Nel periodo del "compromesso storico" tra democristiani e comunisti, le zuffe diminuiscono. Bisogna fare un salto fino agli anni Ottanta, quando i deputati radicali "ravvivano" l'aula nei modi più disparati. Nel 1981 il deputato Ciccomessere monta sul banco del governo e punta alla presidente Nilde Iotti. Il sottosegretario liberale Costa, cavallerescamente, si frappone e la difende.
Gli anni Novanta, quelli della crisi politica e di Tangentopoli, abbondano di risse, insulti e "corpi contundenti volanti", come riporta il verbale di una seduta del 26 luglio 1990. Bersaglio: il missino Pozzo. Si discuteva, piuttosto focosamente, di P2 e servizi segreti.
Il 29 aprile 1993, ancora i leghisti scatenano una gazzarra. La Camera nega l'autorizzazione a procedere contro Bettino Craxi. I deputati del Carroccio, assieme ai missini, si scagliano contro i Dc e i socialisti: "Ladri, venduti, buffoni". Lancio di fascicoli in aula, contraerea di giornali. I socialisti esultano: "Ripristinata la legalità".
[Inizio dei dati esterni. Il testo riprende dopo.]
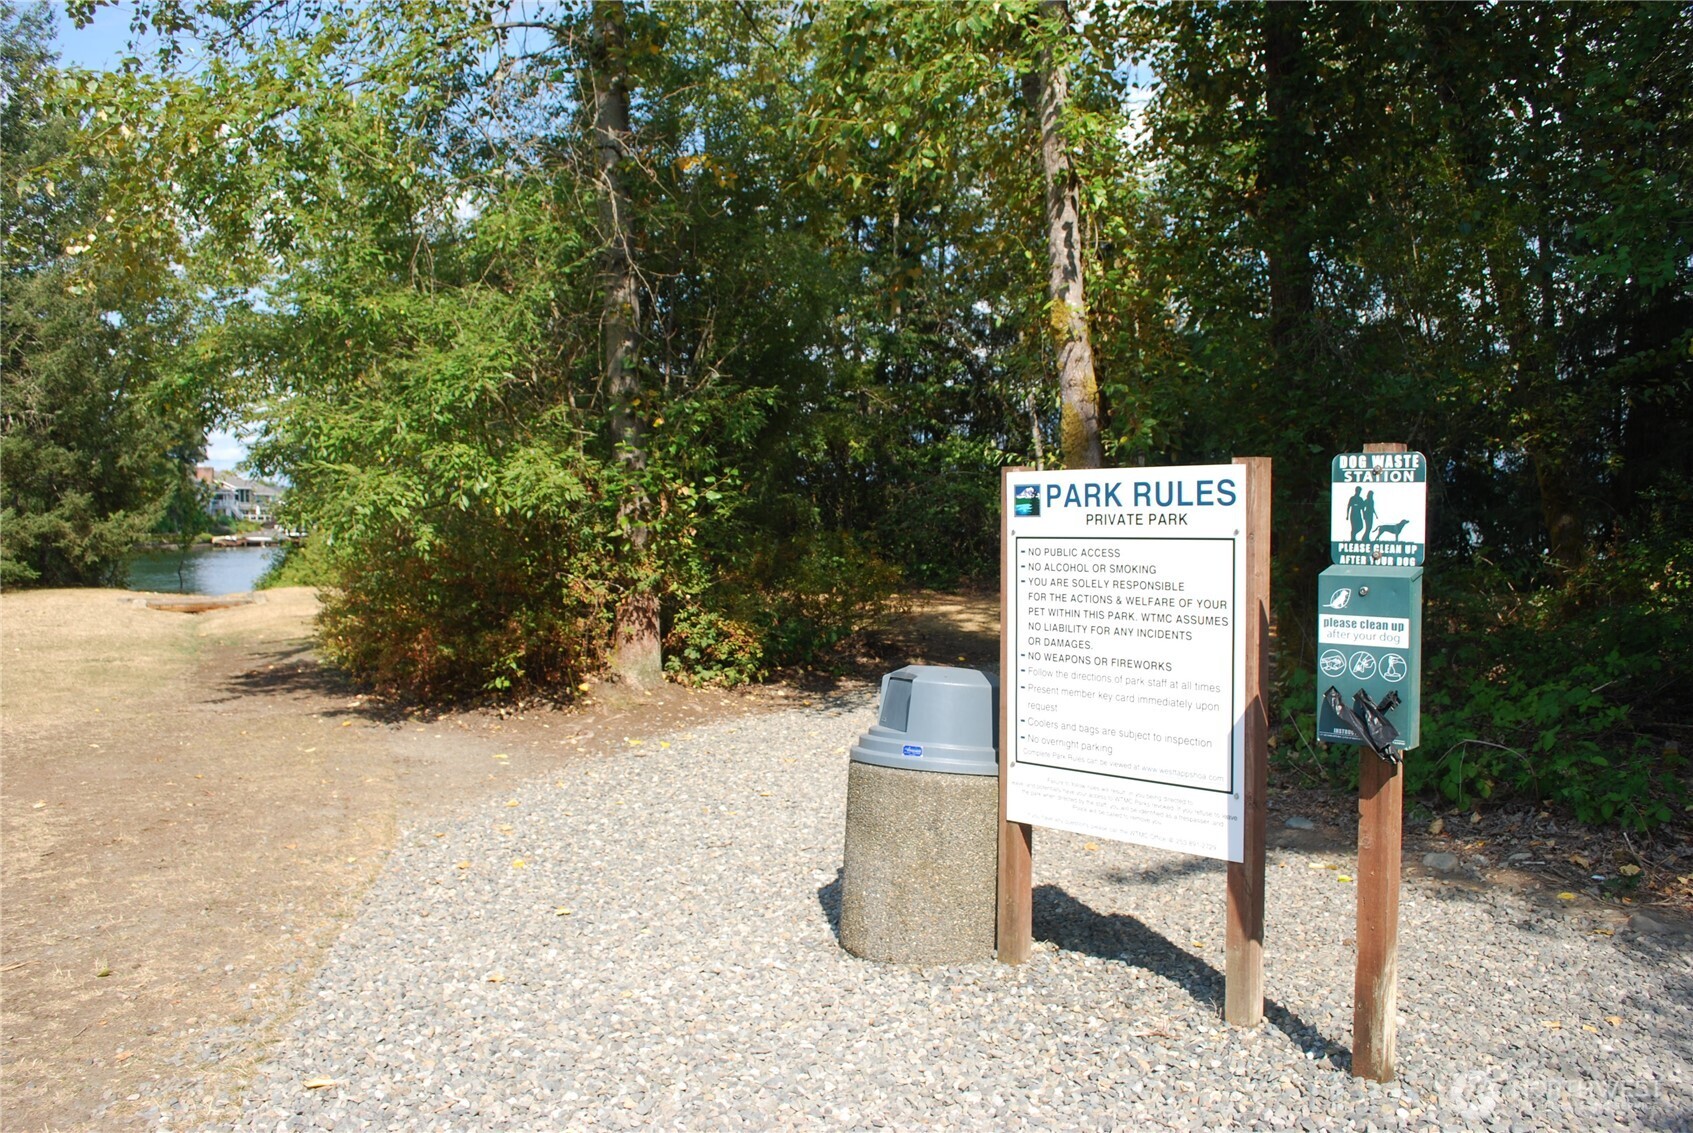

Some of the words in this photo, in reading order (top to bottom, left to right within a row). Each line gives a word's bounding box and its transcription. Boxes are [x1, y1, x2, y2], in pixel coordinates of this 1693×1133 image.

Assai meno nobile è la causa che scatena la baruffa del 29 aprile 1998. Niente pugni, ma di insulti ne volano in abbondanza. Il motivo? La partita fra Juventus e Inter decisiva per lo scudetto, quando i nerazzurri si lamentarono per un rigore non dato. Gramazio di An se la prende con Veltroni, non in quanto deputato di sinistra, ma in quanto juventino: "Quante Fiat hanno guadagnato gli arbitri?" chiede Gramazio. Leghisti e altri esponenti di An si limitano a un meno impegnativo "arbitri ladri". Il leghista Rizzi vorrebbe ripetere la partita con arbitri stranieri. Landolfi di An provoca: "Magari della Padania?". Tutto questo in diretta televisiva.